Many of the regional Federal Reserve presidents who spoke on Friday morning — including Atlanta’s Raphael Bostic, Cleveland’s Loretta Mester, Dallas’s Robert Kaplan and St. Louis’s James Bullard — repeated their views that they favor the taper starting soon.
Quarterly projections published in June showed seven of 18 FOMC participants thought it would be appropriate to begin raising rates next year, while six more expected rate increases would become appropriate by 2023.
“On net, tapering remains on track and the next question is when it will be appropriate to hike,” Ian Lyngen, head of U.S. rates strategy at BMO Capitol Markets, wrote in a note to clients. “This will be data dependent and implicitly a function of path out of the pandemic and toward the new normal.”
Powell’s remarks of late — when it comes to the labor market recovery and racial equity — have resonated and aligned with the Biden administration’s view of the economy, according to White House thinking.
The Fed chief spoke as investors awaited a decision from President Joe Biden on whether to renominate him for a second term or pick someone else. Bloomberg reported on Thursday that Biden advisers were considering recommending Powell for reappointment.
Total U.S. employment is still about 6 million jobs below pre-pandemic levels. June and July were strong months for hiring as restrictions on service industries were lifted across the country, but the recent spread of the coronavirus delta variant is raising uncertainty about prospects for the months ahead.
The Fed chair stuck to the central bank’s message that the current bout of inflation is likely to be transitory, emphasizing that the recent rise “is so far largely the product of a relatively narrow group of goods and services that have been directly affected by the pandemic and the reopening of the economy” and should be expected to dissipate.

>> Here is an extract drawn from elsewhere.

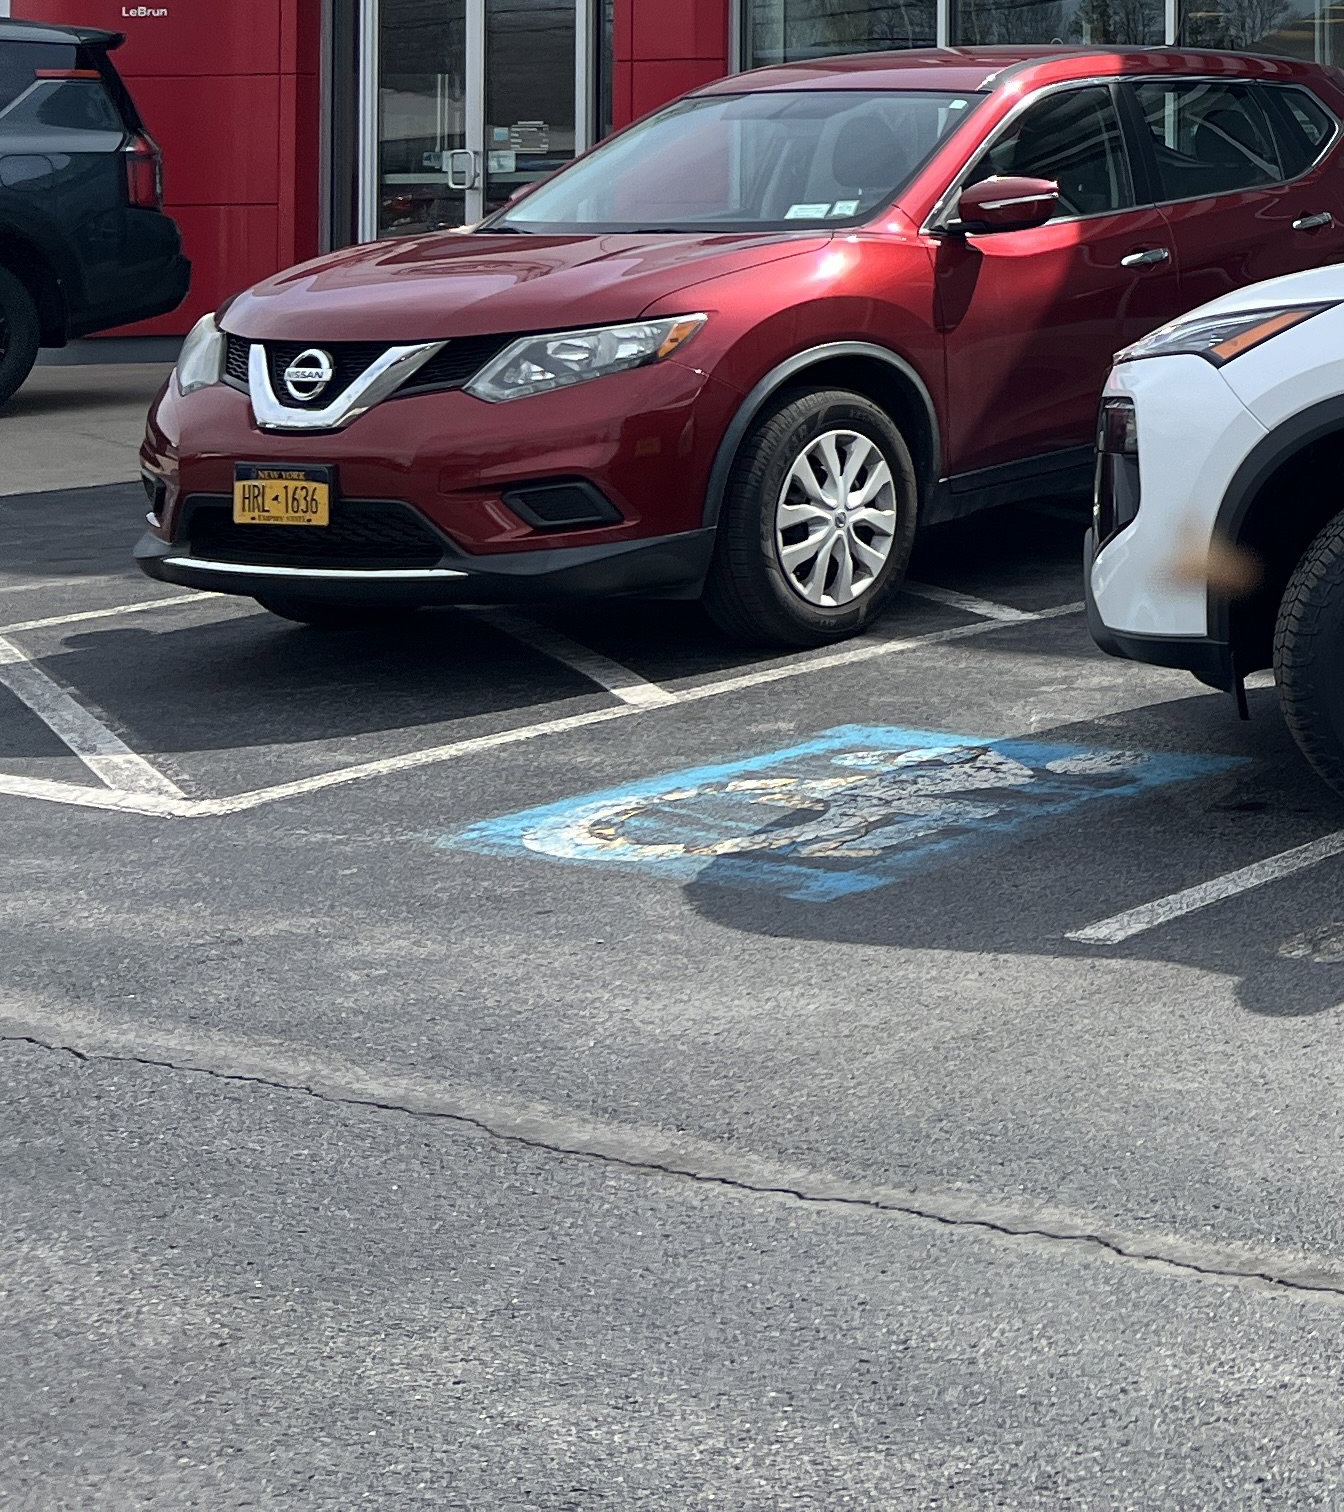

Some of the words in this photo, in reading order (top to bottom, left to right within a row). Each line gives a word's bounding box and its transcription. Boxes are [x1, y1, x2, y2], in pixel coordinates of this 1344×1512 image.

Powell noted that there is little evidence of a “wage-price spiral,” in which pay increases might threaten excessive inflation.
He pointed to inflation expectations measures as a sign that consumers, businesses and investors also share that assessment, and highlighted the risk that downward pressures on inflation, of the kind observed over the last decade, could reassert themselves once the pandemic ends.
“While the underlying global disinflationary factors are likely to evolve over time, there is little reason to think that they have suddenly reversed or abated,” Powell said. “It seems more likely that they will continue to weigh on inflation as the pandemic passes into history.”
This year’s symposium, typically a high-profile retreat attended by central bankers from around the world, was originally slated to return to its usual in-person format, but the Kansas City Fed scrapped that plan on Aug. 20 amid rising coronavirus case counts in Teton County, Wyoming.
During last year’s virtual proceedings, Powell unveiled a new strategy for monetary policy making which marked the conclusion of an internal review that lasted nearly 20 months.
The new framework dictates Fed officials allow the economic expansion to progress further than they have in the past before raising interest rates, to drive unemployment rates down faster and allow low-income groups to share in the benefits from a strong economy.
That also means allowing inflation to overshoot the central bank’s 2% target for a time, to make up for periods coming out of downturns when it underruns the target.